Work order
Without including any picture, return the complete set of records exactly.

--- Data records ---

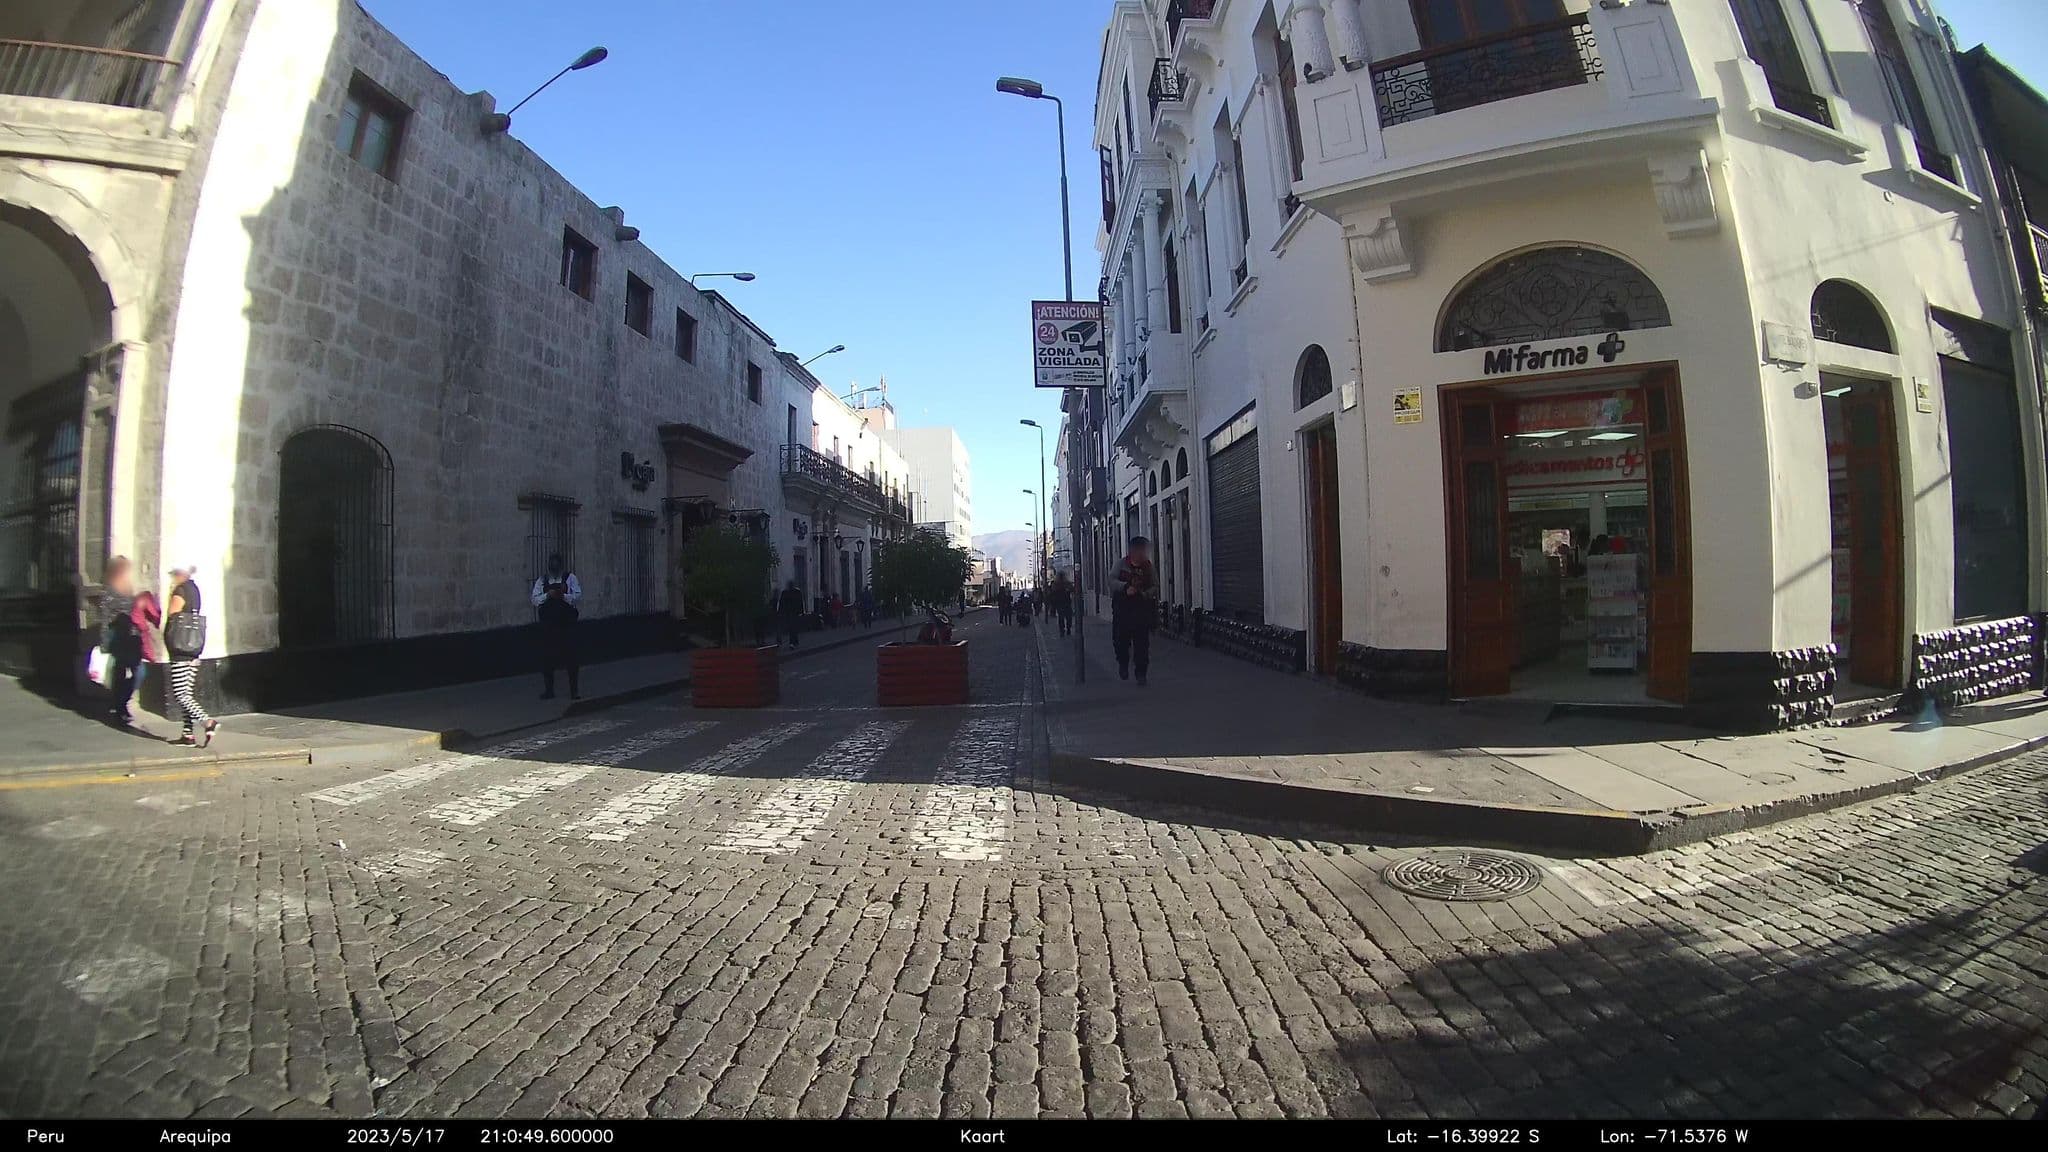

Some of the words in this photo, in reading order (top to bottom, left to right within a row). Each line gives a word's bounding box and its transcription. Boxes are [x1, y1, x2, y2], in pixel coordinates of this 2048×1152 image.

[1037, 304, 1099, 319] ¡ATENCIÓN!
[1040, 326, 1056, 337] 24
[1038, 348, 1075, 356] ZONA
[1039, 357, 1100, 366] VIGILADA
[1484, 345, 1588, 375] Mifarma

---

Worked solution
Some of the words in this photo, in reading order (top to bottom, left to right within a row). Each line gives a word's bounding box and its transcription. Boxes are [x1, y1, x2, y2], in pixel coordinates of this 2048×1152 image.

[1037, 304, 1099, 319] ¡ATENCIÓN!
[1040, 326, 1056, 337] 24
[1038, 348, 1075, 356] ZONA
[1039, 357, 1100, 366] VIGILADA
[1484, 345, 1588, 375] Mifarma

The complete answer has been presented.